Heard of it. even joined the facebook group. I've seen a few StP users on it. Its definitely reinventing the wheel but they seem to mean well. I havent checked the website out yet but i'll make a point to do that. So longas the're not a bunch of a-holes i dont see the problem. I'ma sit back and watch events unfold i suppose.


----------



## autumn

The layout is not very polished, to be polite. I do like a couple of the differences, like the rainbow-specific subforum. I just have a feeling that it's going to attract the more violent and stupid subset of travelers. It's for self-identified "dirty kids" and in my experience they are largely shitty people; alcoholics/junkies who will stab you or throw you off a train for the $0.25 you have in your pocket.


----------



## Kim Chee

zim said:


> It's for self-identified "dirty kids" and in my experience they are largely shitty people; alcoholics/junkies who will stab you or throw you off a train for the $0.25 you have in your pocket.



I bet there's a bunch of dirty kids out there who are willing to help you redefine what you think a dirty kid is all about. Every group has its undesirables and it sounds like you've met the worst.

At least somebody is trying to organize something for travelers.


----------



## Matt Derrick

I tried contacting the staff of the website, but I kept getting errors when paying in the forums and the contact form. Also the members section was 404 entirely. 

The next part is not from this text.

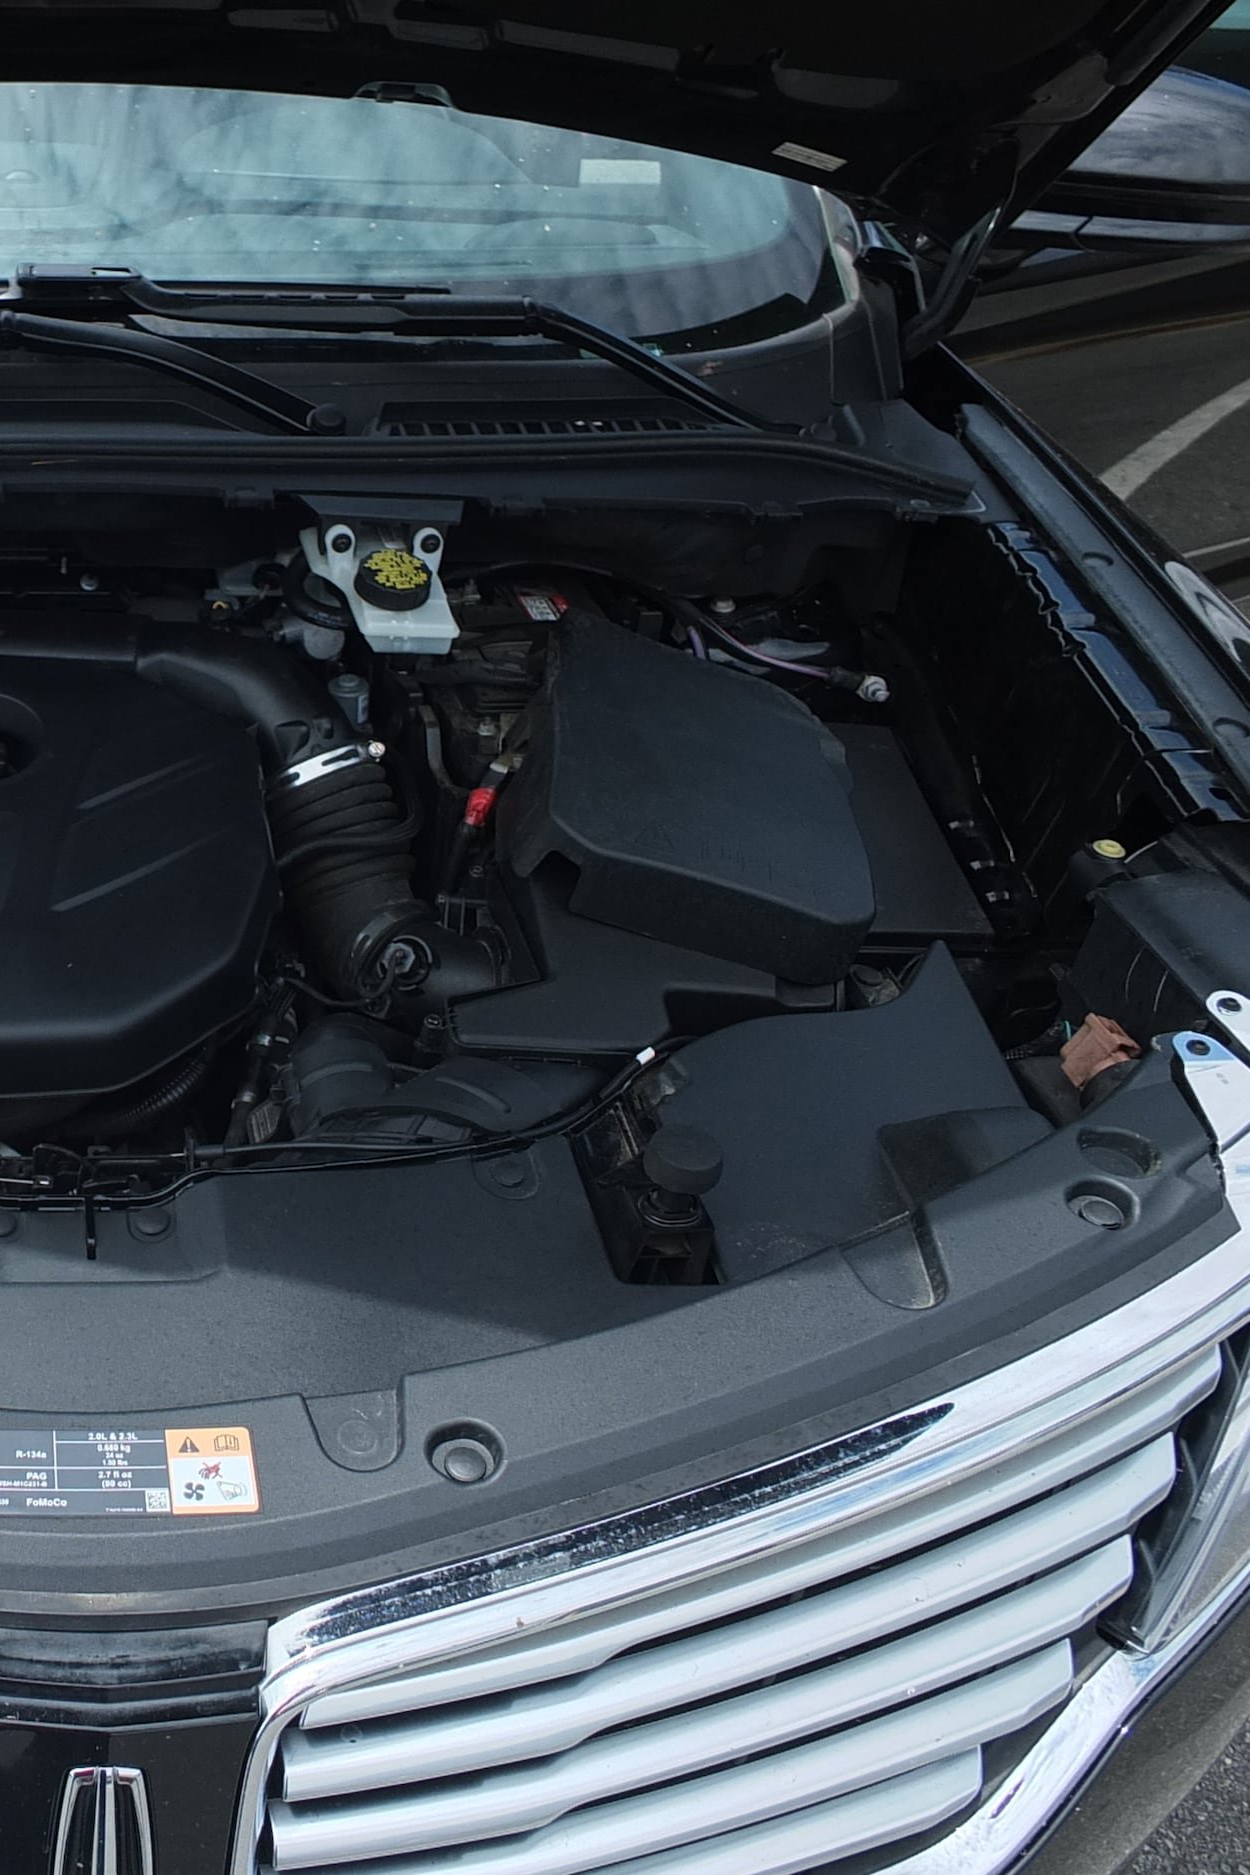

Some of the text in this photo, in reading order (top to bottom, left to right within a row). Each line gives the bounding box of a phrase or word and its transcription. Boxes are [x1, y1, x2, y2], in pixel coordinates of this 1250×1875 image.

If I had to hazard a guess I'd say they are using the phpfox 'social networking' software or something similar which has a lot of bugs and isn't known for being very reliable.


----------



## eske silver

Ugh, that site was a mess. 
I'd thrash my laptop if STP was like that. Yea, most of the site is 404. Very lame. 
When you go to the 'profiles page', it looks like there's only two members, which is weird. I didn't sign up though, maybe they're guest protected?
And spam? Is that spam? I think I see spam. Spam and random asian dolls.
Very weird.


----------



## Mankini

eske silver said:


> Ugh, that site was a mess.
> I'd thrash my laptop if STP was like that. Yea, most of the site is 404. Very lame.
> When you go to the 'profiles page', it looks like there's only two members, which is weird. I didn't sign up though, maybe they're guest protected?
> And spam? Is that spam? I think I see spam. Spam and random asian dolls.
> Very weird.


Asian DOLLZ!!!! rotflmbo


----------



## CatRiversong

Dirty Kids Couchsurfing Coalition was started from a group on facebook for traveling folks of all kinds. The main person who helped pull it together is Madre (Rebecca Powell). She's a friend and has a big heart for people; doing her best to keep travelers warm and safe out of the elements and out of risk when and however possible. 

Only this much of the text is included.